WORK INSTRUCTION. What should come back is the data below, word for word, minus any picture.

DATA PROVIDED.

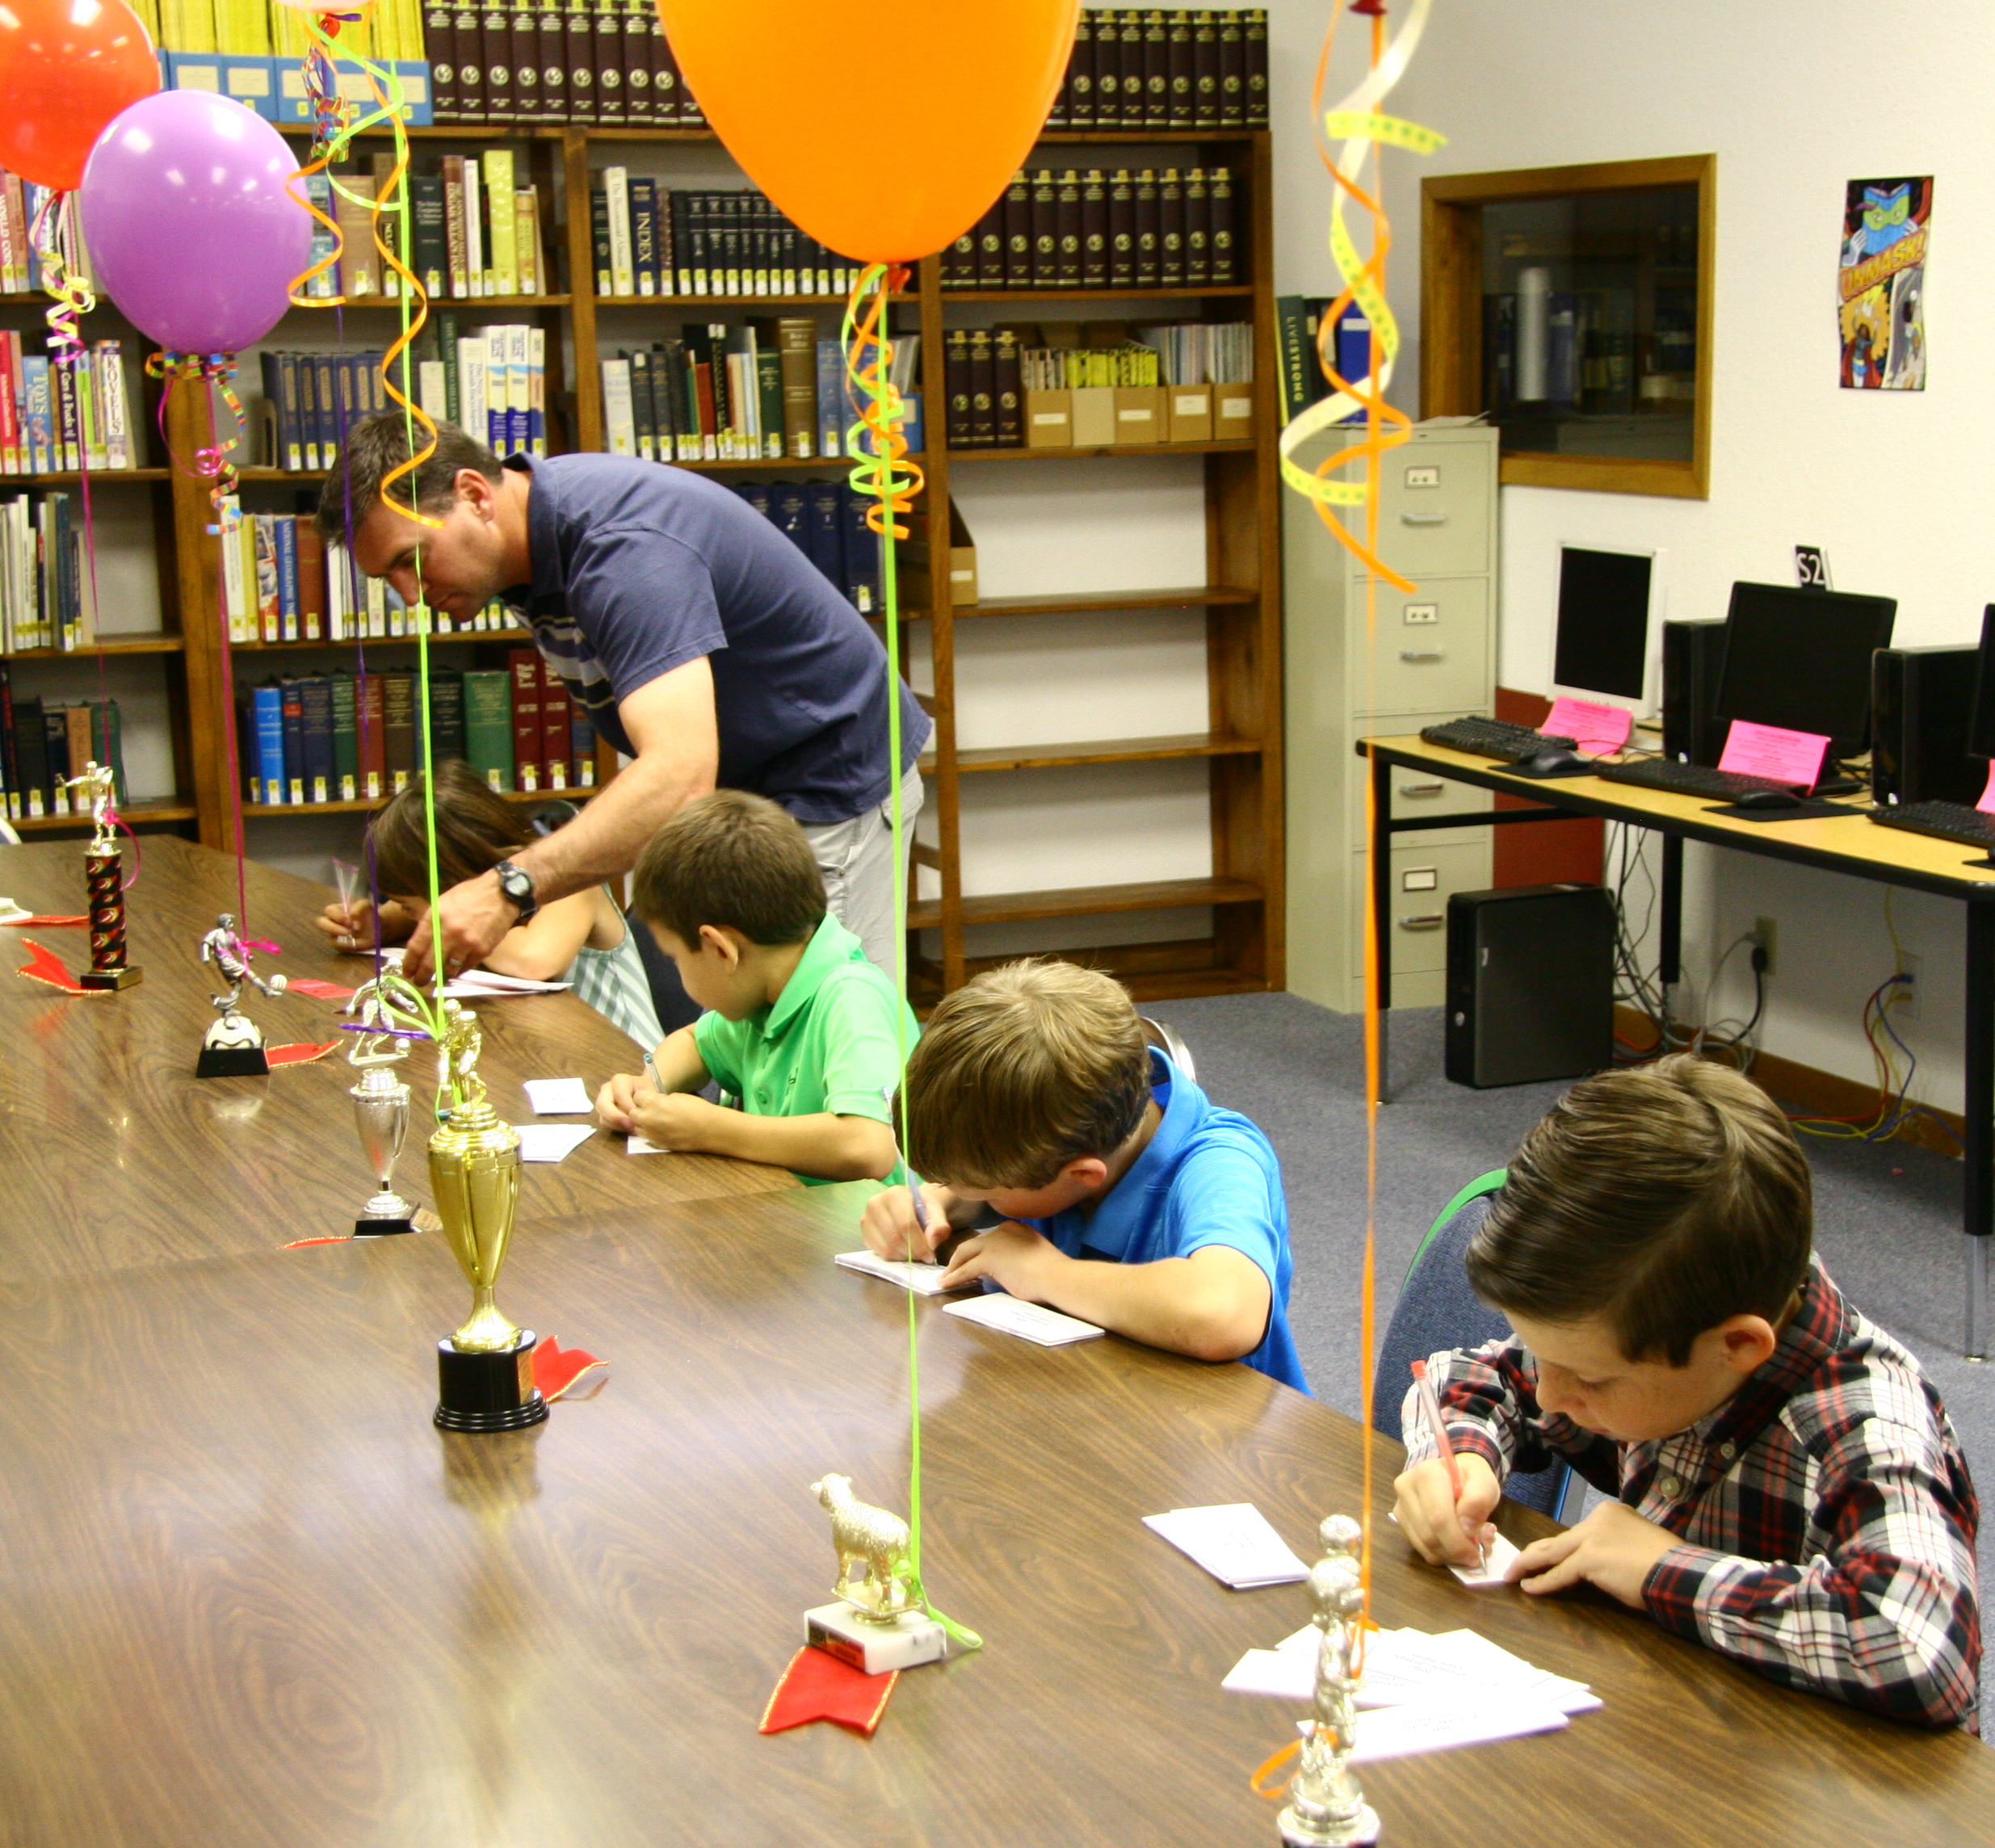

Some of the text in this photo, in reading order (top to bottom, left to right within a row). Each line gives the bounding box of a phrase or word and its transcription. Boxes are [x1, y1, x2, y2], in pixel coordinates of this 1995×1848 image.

[636, 212, 653, 263] INDEX
[1840, 229, 1926, 303] UNMASK!
[1287, 316, 1304, 402] LIVESTRONG
[61, 372, 73, 392] Cars
[284, 520, 292, 554] NATIONAL
[284, 555, 294, 599] GEOGRAPHIC
[1797, 552, 1825, 584] S2
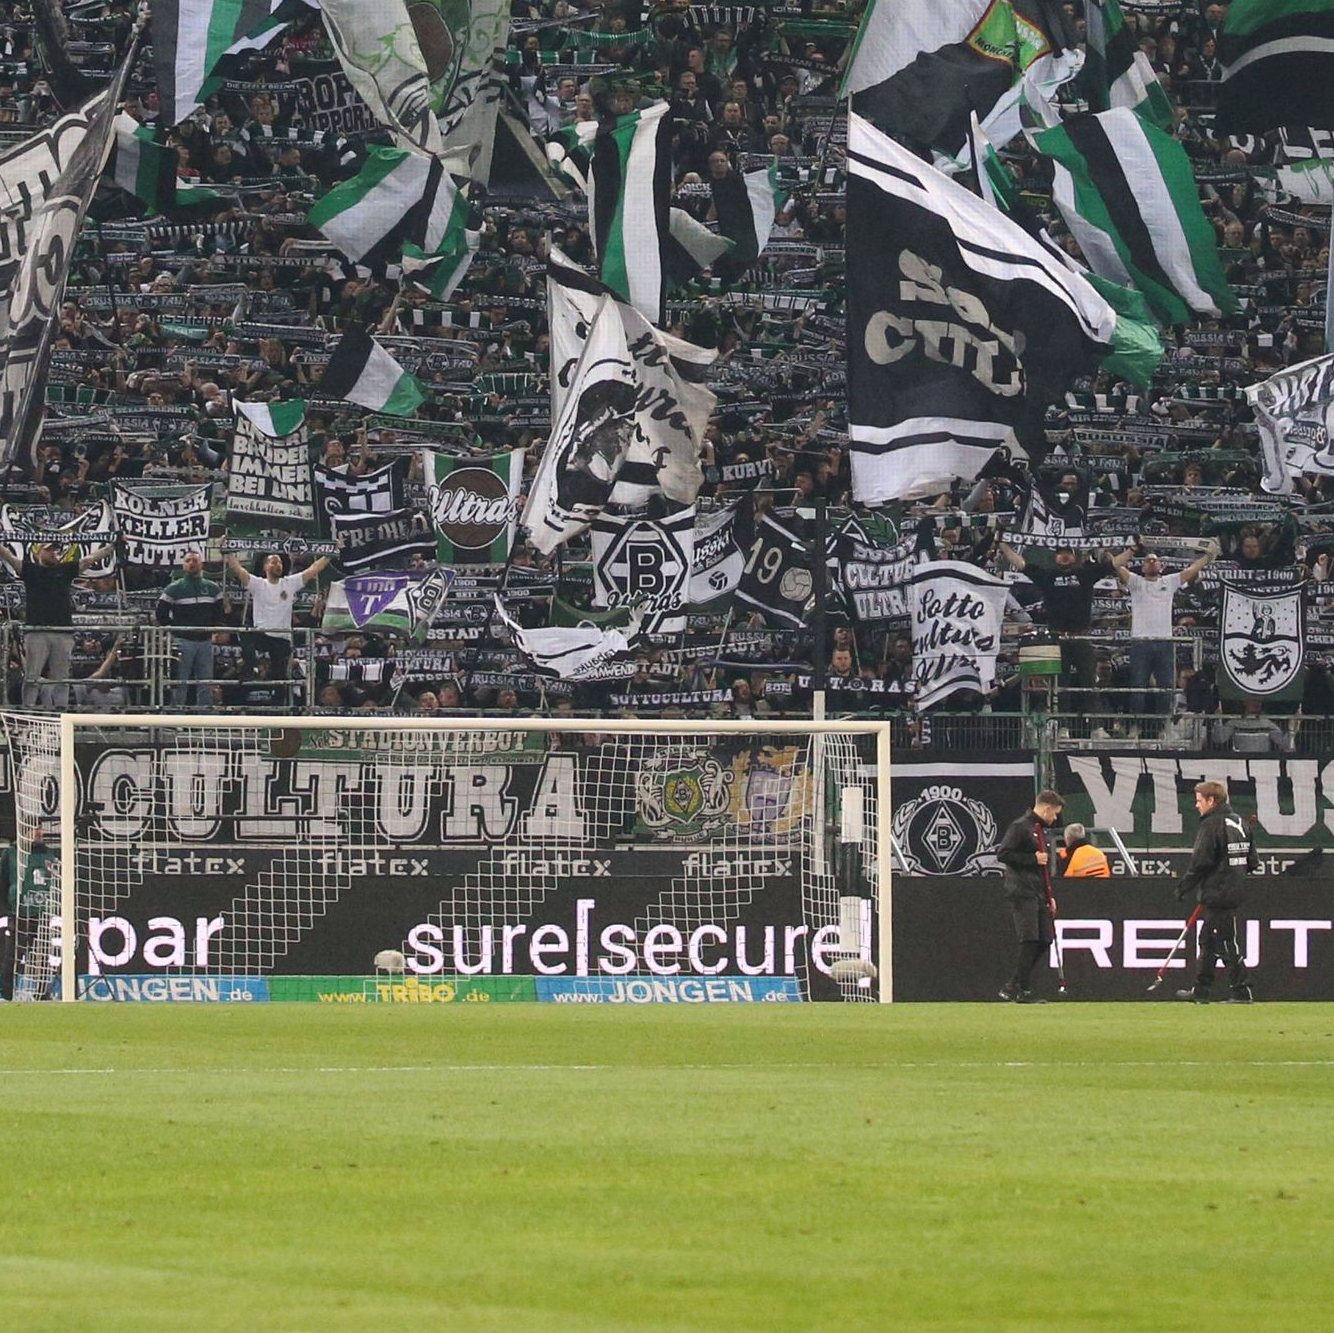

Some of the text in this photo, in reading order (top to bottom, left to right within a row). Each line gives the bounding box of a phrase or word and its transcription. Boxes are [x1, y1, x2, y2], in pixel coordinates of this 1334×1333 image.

OUTPUT FOR THIS EXERCISE.
Some of the text in this photo, in reading order (top to bottom, left to right within a row). Each line gives the bounding box of a phrase or word and its transcription. Boxes are [x1, y1, x2, y2], in pixel coordinates of this 1995×1848 image.

[636, 212, 653, 263] INDEX
[1840, 229, 1926, 303] UNMASK!
[1287, 316, 1304, 402] LIVESTRONG
[61, 372, 73, 392] Cars
[284, 520, 292, 554] NATIONAL
[284, 555, 294, 599] GEOGRAPHIC
[1797, 552, 1825, 584] S2

Some of the text in this photo, in reading order (top to bottom, left to right within a row). Each line gives the bounding box of a phrase or word and its transcription. Boxes are [x1, y1, x2, y2], in pixel coordinates of this 1334×1333 image.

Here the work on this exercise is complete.